Metabolic and Deficiency Disease # 4. Dystrophic Diseases:
The three chief dystrophic diseases of the skeleton in animals are:
2. Osteomalacia and
3. Osteodystrophic fibrosa or Osteoporosis or Osteofibrosis.
Rickets, a dystrophy of the young, is a well recognised pathological entity. Osteomalacia is, in short, adult rickets and as in the case of rickets, is characterised by the presence of excessive amount of Osteoid tissue. The formation of osteoid tissue represents a stage in bone formation which is normally followed by lime salt impregnation. In rickets and Osteomalacia, the deposition of calcium salt is defective and so bone formation is arrested at the stage of Osteoid tissue.
In rickets, osteoid tissue is prominent at the epiphysis of long bones. In osteomalacia, it makes its appearance in the diaphysis of the bones. It is not evident at the epiphysial junction because at the age when the osteomalacia occurs, growth of bone at the epiphysis has ceased and the junction has undergone ossification, as bone formation from the periosteum is more or less continuous throughout life.

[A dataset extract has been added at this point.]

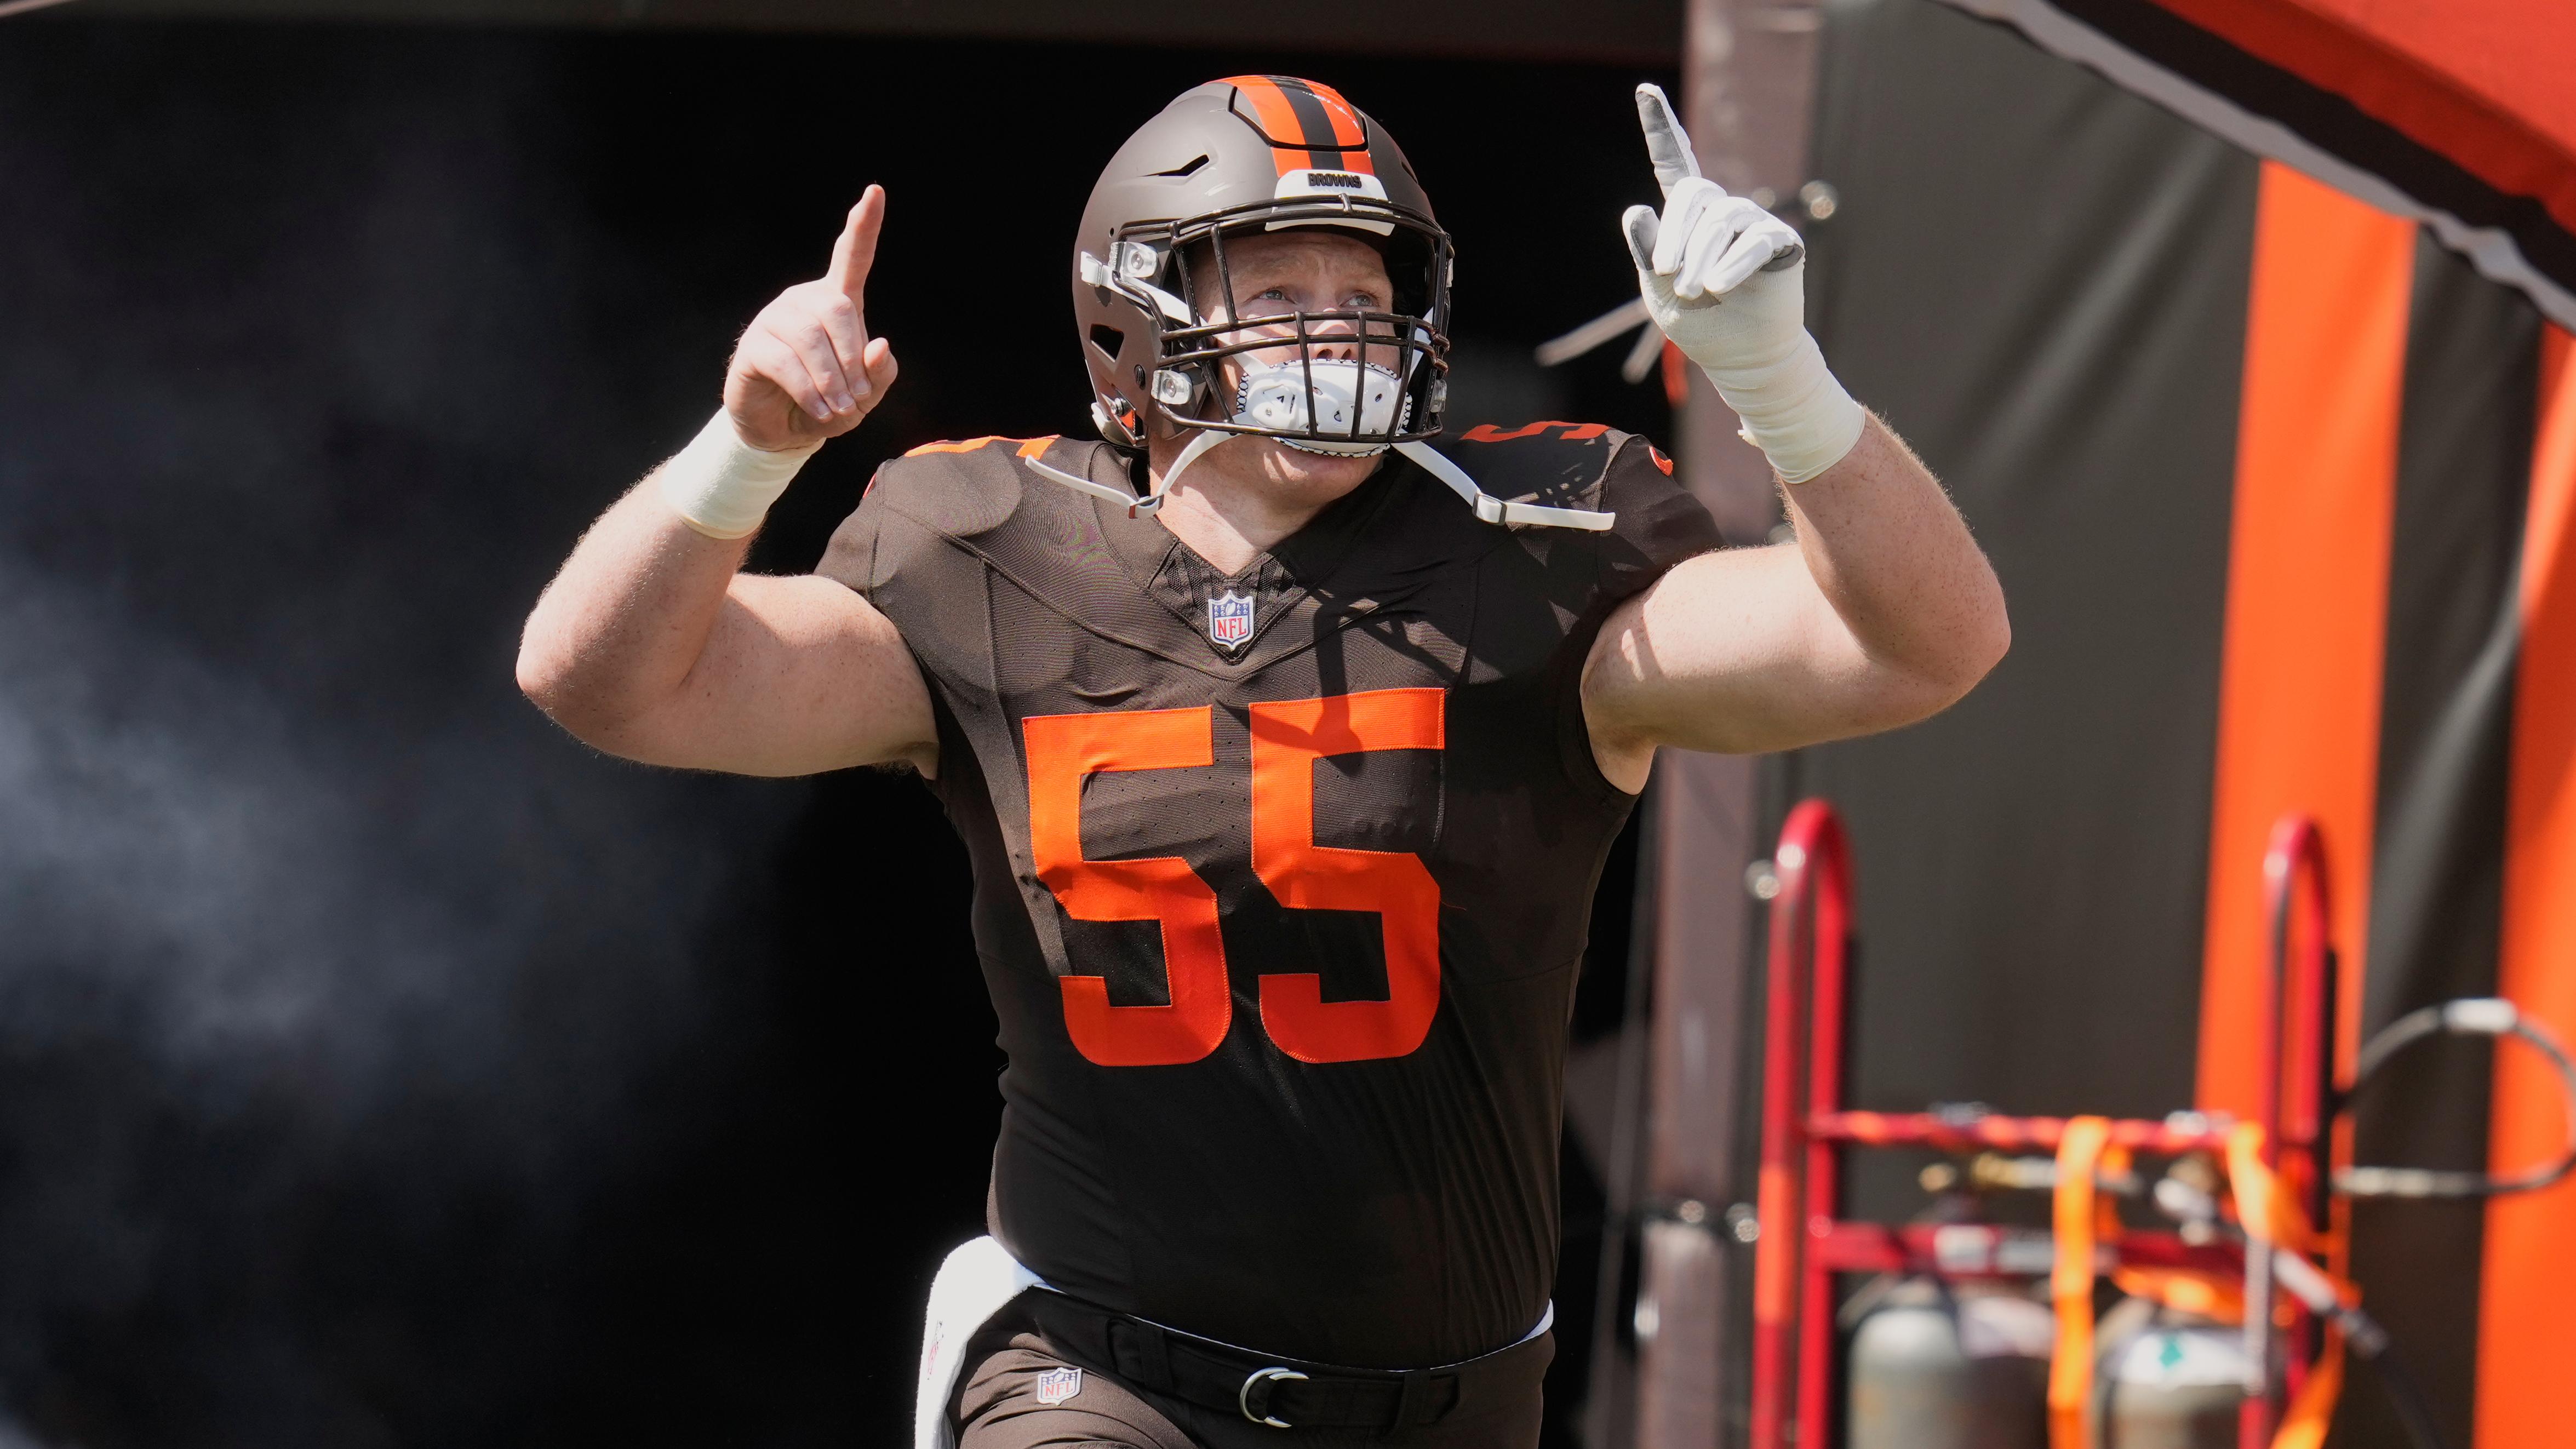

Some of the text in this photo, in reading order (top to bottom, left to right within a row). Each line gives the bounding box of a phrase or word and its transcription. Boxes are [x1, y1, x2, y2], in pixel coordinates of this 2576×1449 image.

[1308, 173, 1363, 188] BROWNS
[1216, 617, 1247, 639] NFL
[1021, 688, 1445, 1067] 55
[1045, 1382, 1073, 1396] NFL

Osteoid tissue becomes prominent along the shaft under the periosteum. Osteoid tissue also makes its appearance in isolated areas within the bone. Apart from defective bone formation and the consequent accumulation of osteoid tissue which occurs in osteomalacia, there occurs side by side with it atrophy of bone or osteoporosis. Osteoporosis occurs whenever there is an excessive drain on the mineral reserves in the skeleton and is the result of lime salt resorption.
Metabolic and Deficiency Disease # 5. Osteodystrophia fibrosa, Osteofibrosis or Osteoporosis:
This is a condition of adult animals in which first lime salts are removed from the bones, later becoming soft and secondly the bones of certain parts become enlarged. The bone tissue becomes replaced by osteoid tissue or fibroid tissue. This disease is met with a varying degree in different parts of the body. It is common in certain parts of Africa, Europe and in Australia. India and Sri Lanka. The disease affects not only equines but also cattle, goats, dogs and even wild animals such as bears and monkeys kept in confinement.

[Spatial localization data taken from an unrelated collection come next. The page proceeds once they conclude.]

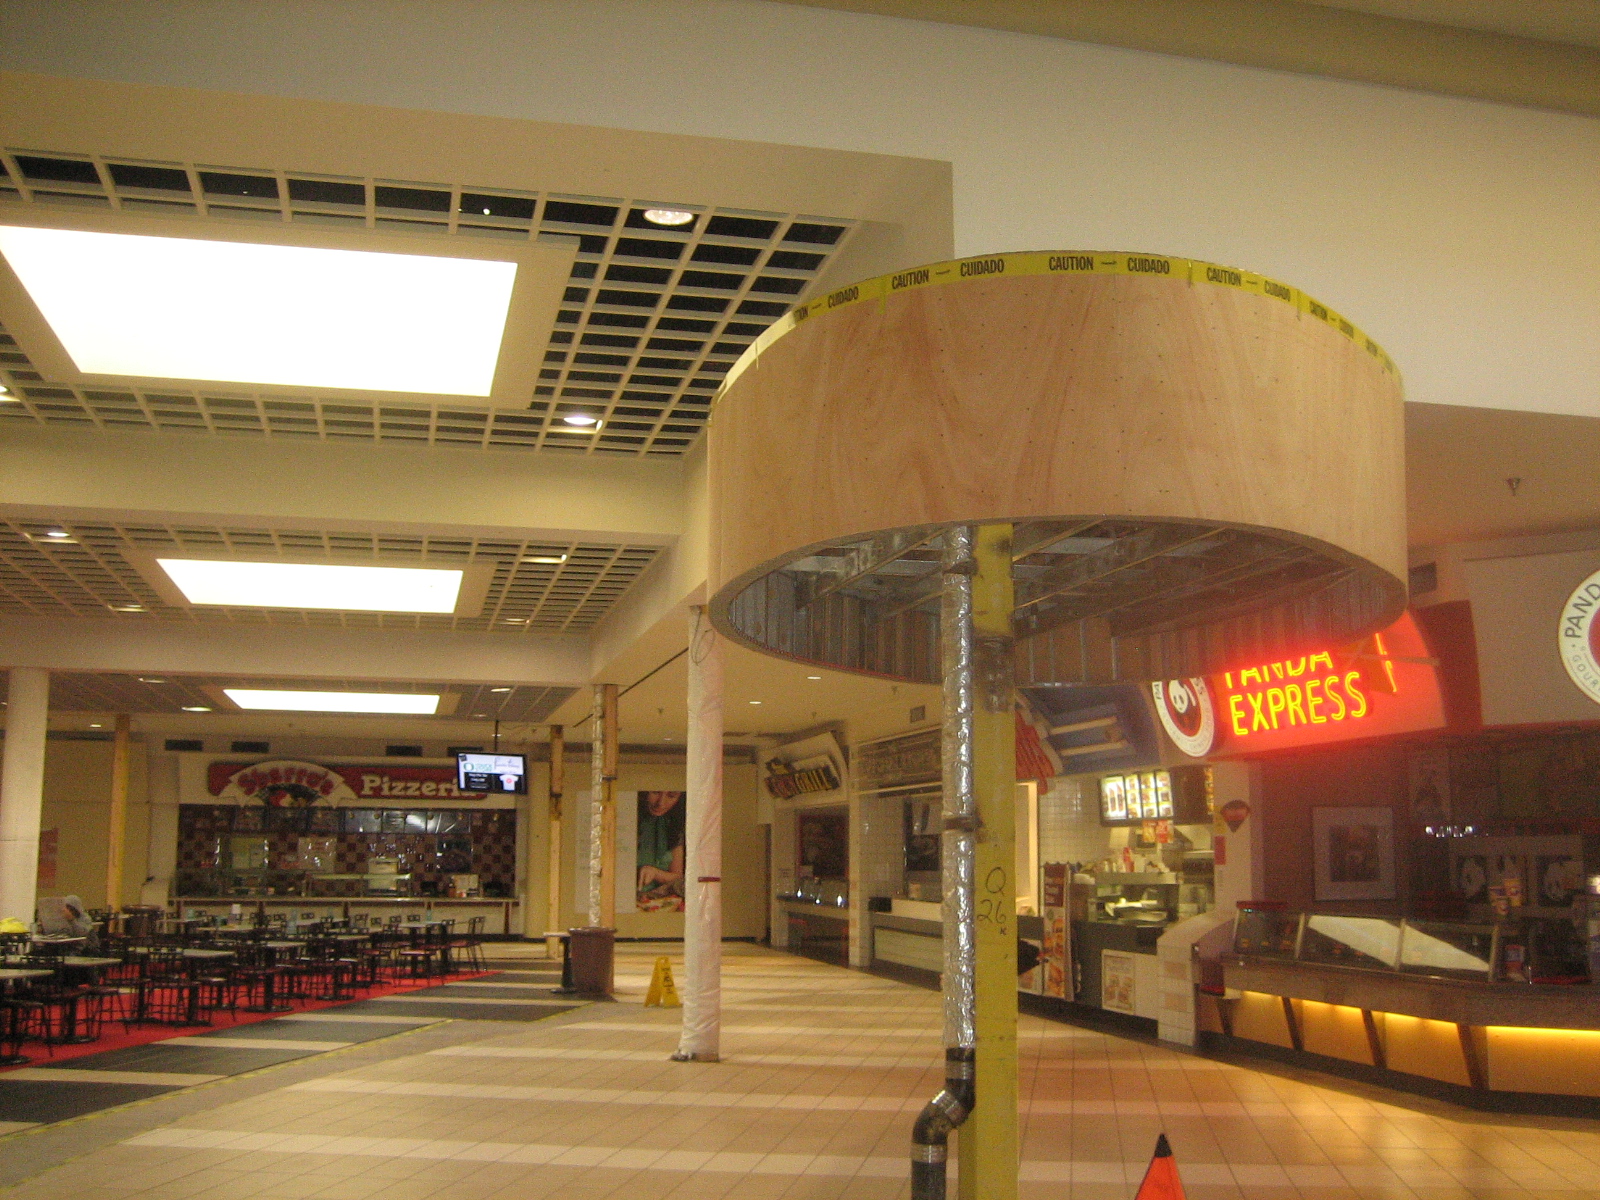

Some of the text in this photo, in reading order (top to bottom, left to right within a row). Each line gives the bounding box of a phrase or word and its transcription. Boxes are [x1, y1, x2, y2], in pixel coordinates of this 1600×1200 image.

[827, 286, 859, 309] CUIDADO
[891, 269, 930, 290] CAUTION
[960, 258, 1005, 277] CUIDADO
[1048, 256, 1094, 271] CAUTION
[1127, 257, 1170, 275] CUIDADO
[1206, 266, 1242, 287] CAUTION
[1229, 671, 1367, 736] EXPRESS
[360, 773, 477, 797] Pizzeri
[976, 899, 1007, 925] 26

Causes are not well known and include:
1. Some defect in the proportion of mineral salts of the food, the ratio of lime and phosphoric acid being too low. The disease has also been noted in horses in the continent fed largely on bran and it was called Bran disease or Miller’s disease.

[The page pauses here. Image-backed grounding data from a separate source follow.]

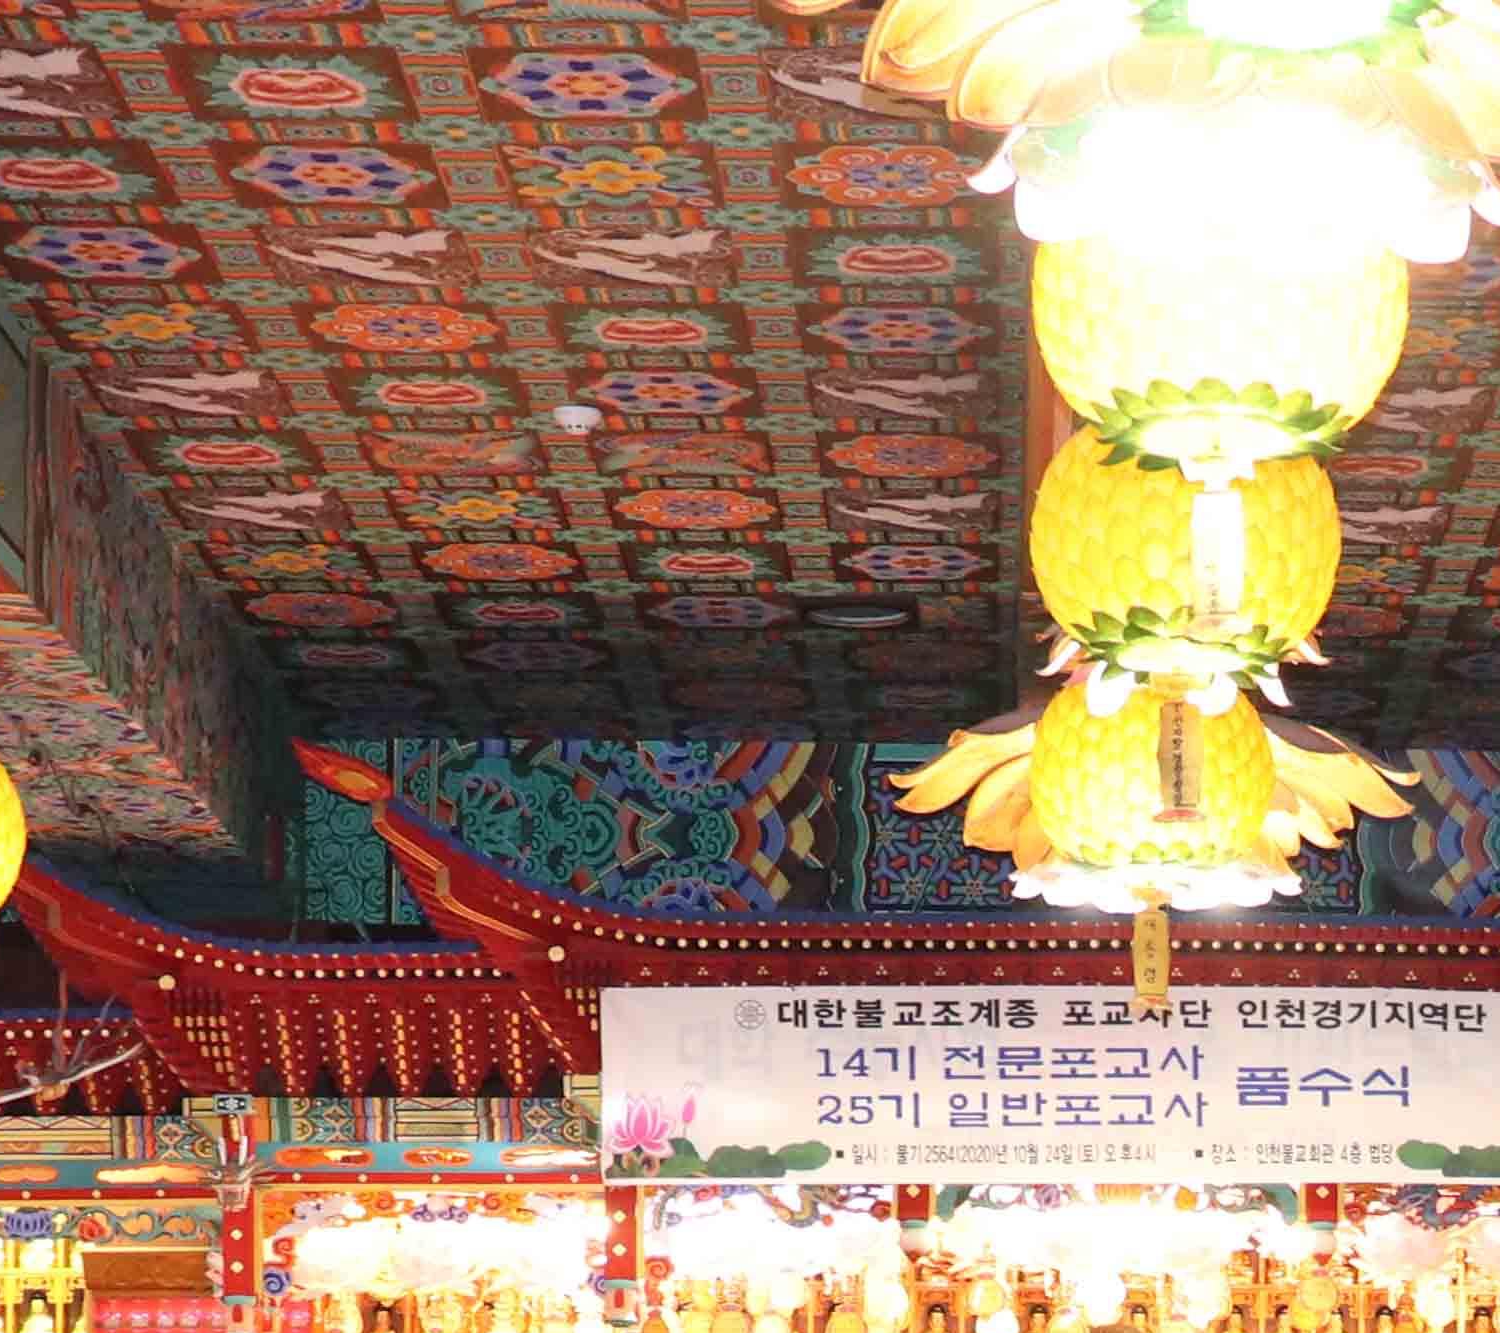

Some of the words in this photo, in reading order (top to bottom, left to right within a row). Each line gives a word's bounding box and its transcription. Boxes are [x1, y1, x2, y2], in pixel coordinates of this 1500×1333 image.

[777, 998, 1040, 1030] 대한불교조계종
[1062, 998, 1213, 1030] 포교사단
[1237, 999, 1488, 1033] 인천경기지역단
[815, 1045, 917, 1081] 14기
[942, 1044, 1206, 1081] 전문포교사
[1235, 1065, 1411, 1108] 품수식
[816, 1092, 921, 1129] 25기
[948, 1092, 1209, 1129] 일반포교사
[1211, 1143, 1237, 1164] 장소

2. Want of Vitamin A or D, or both. This affection can be ascribed to animals kept in confinement.
In horses, the first symptoms actually noted are those of an indefinite lameness or stiffness, sometimes rupture of ligaments and tendons takes place as fracture in bone in which later case, there is little attempt to repair. Later, the bones of the face become swollen. The swelling is symmetrical and confined to the lower and upper jaw bones largely.
The swelling is symmetrical and the bones are softened, the rami become very broad and sub-maxillary space narrow. The molar teeth become loose and mastication difficult and so the animal loses condition.
The thickening of the bones surrounding the nasal chambers causes narrowing of the latter and even dyspnea and snoring. The urine contains large quantities of phosphates and the amount of phosphate is in direct proportion to the acuteness of the attack. The course varies very much but lasts usually for months, most cases are chronic and become worse.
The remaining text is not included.